Start of The records
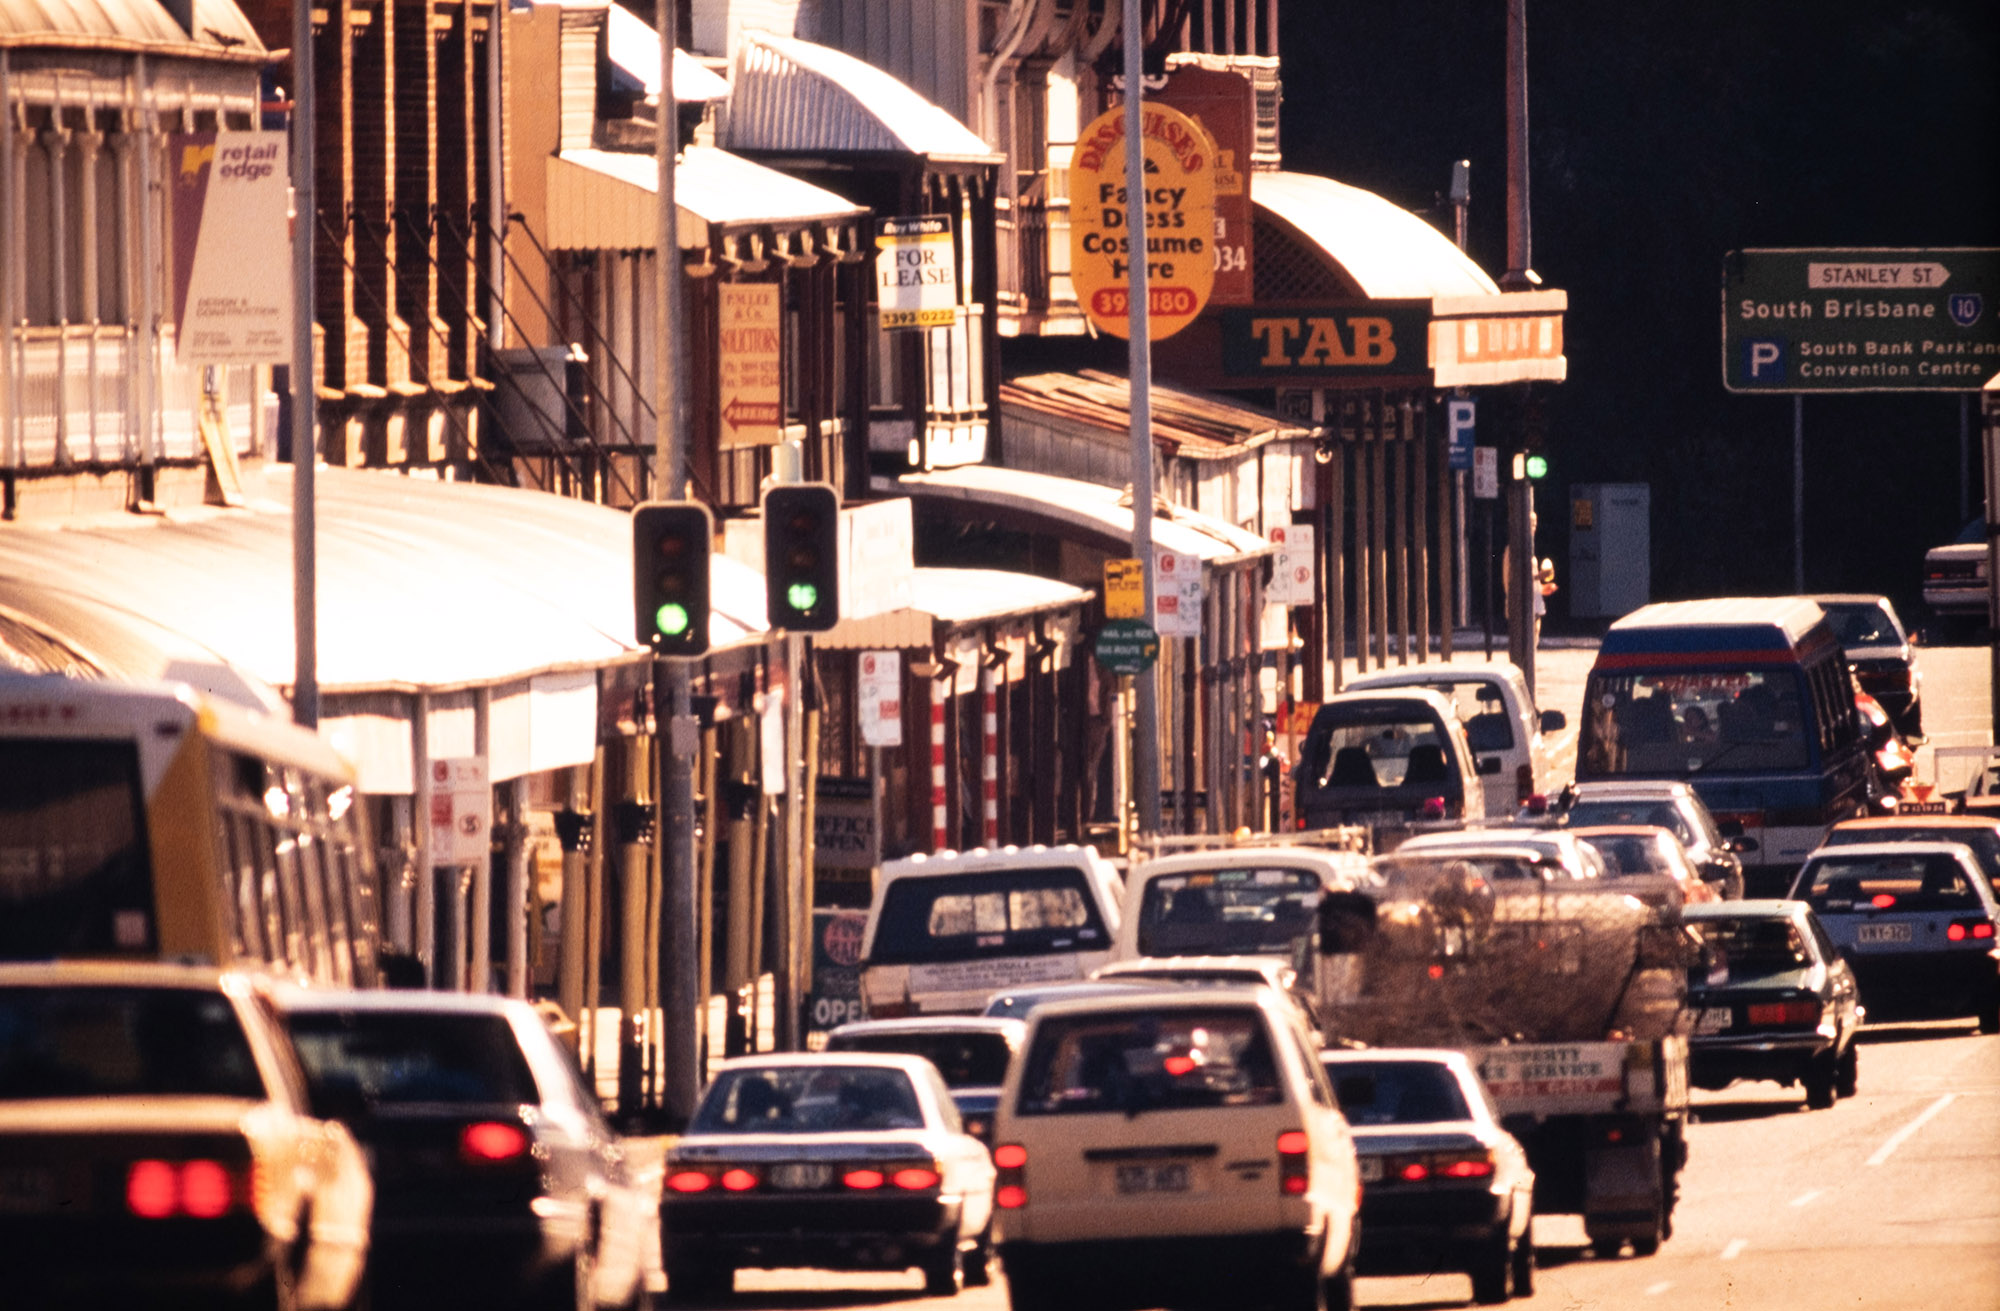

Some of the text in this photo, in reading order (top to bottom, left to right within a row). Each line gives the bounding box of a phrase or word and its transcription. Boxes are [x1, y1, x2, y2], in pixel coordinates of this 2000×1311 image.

[221, 144, 278, 161] retail
[220, 161, 273, 181] edge
[909, 220, 943, 233] White
[1103, 208, 1185, 228] Dess
[1083, 233, 1203, 254] Cosume
[896, 249, 936, 267] FOR
[883, 267, 952, 288] LEASE
[1113, 258, 1174, 279] Hre
[1823, 268, 1933, 284] STANLEY ST
[1741, 299, 1936, 318] South Brisbane
[1958, 300, 1975, 318] 10
[1252, 317, 1397, 367] TAB
[1801, 341, 1857, 356] South
[1865, 341, 1913, 356] Bank
[1752, 343, 1780, 377] P
[1801, 361, 1982, 377] Convention Centre
[1449, 401, 1475, 443] P
[1114, 644, 1140, 655] ROUTE
[815, 816, 873, 834] FFICE
[815, 999, 866, 1023] OPE
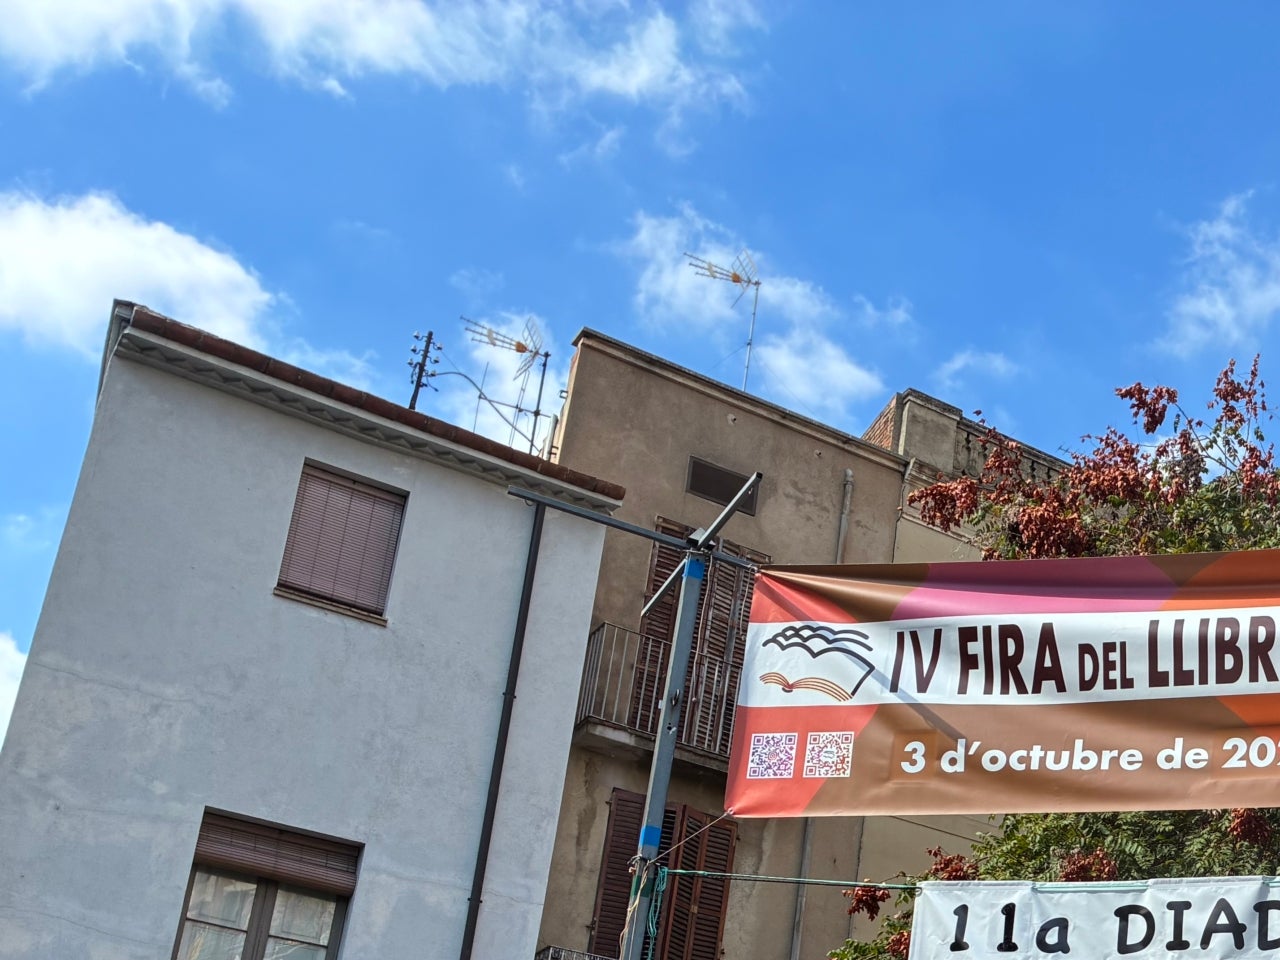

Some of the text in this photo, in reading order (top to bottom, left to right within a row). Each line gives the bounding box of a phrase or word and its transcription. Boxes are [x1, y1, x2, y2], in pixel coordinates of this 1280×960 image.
End of The records
What you need to do:
An unaltered copy of the material, without images, should be set down.

Response to this task:
Some of the text in this photo, in reading order (top to bottom, left to right within a row). Each line gives the bounding box of a phrase or word and its transcription. Boxes are [x1, y1, x2, y2], in pixel coordinates of this 2000×1311 image.

[221, 144, 278, 161] retail
[220, 161, 273, 181] edge
[909, 220, 943, 233] White
[1103, 208, 1185, 228] Dess
[1083, 233, 1203, 254] Cosume
[896, 249, 936, 267] FOR
[883, 267, 952, 288] LEASE
[1113, 258, 1174, 279] Hre
[1823, 268, 1933, 284] STANLEY ST
[1741, 299, 1936, 318] South Brisbane
[1958, 300, 1975, 318] 10
[1252, 317, 1397, 367] TAB
[1801, 341, 1857, 356] South
[1865, 341, 1913, 356] Bank
[1752, 343, 1780, 377] P
[1801, 361, 1982, 377] Convention Centre
[1449, 401, 1475, 443] P
[1114, 644, 1140, 655] ROUTE
[815, 816, 873, 834] FFICE
[815, 999, 866, 1023] OPE

Some of the text in this photo, in reading order (top to bottom, left to right within a row). Each line gives the bounding box of a phrase or word and its transcription. Boxes are [x1, y1, x2, y2], in pixel coordinates of this 1280×960 image.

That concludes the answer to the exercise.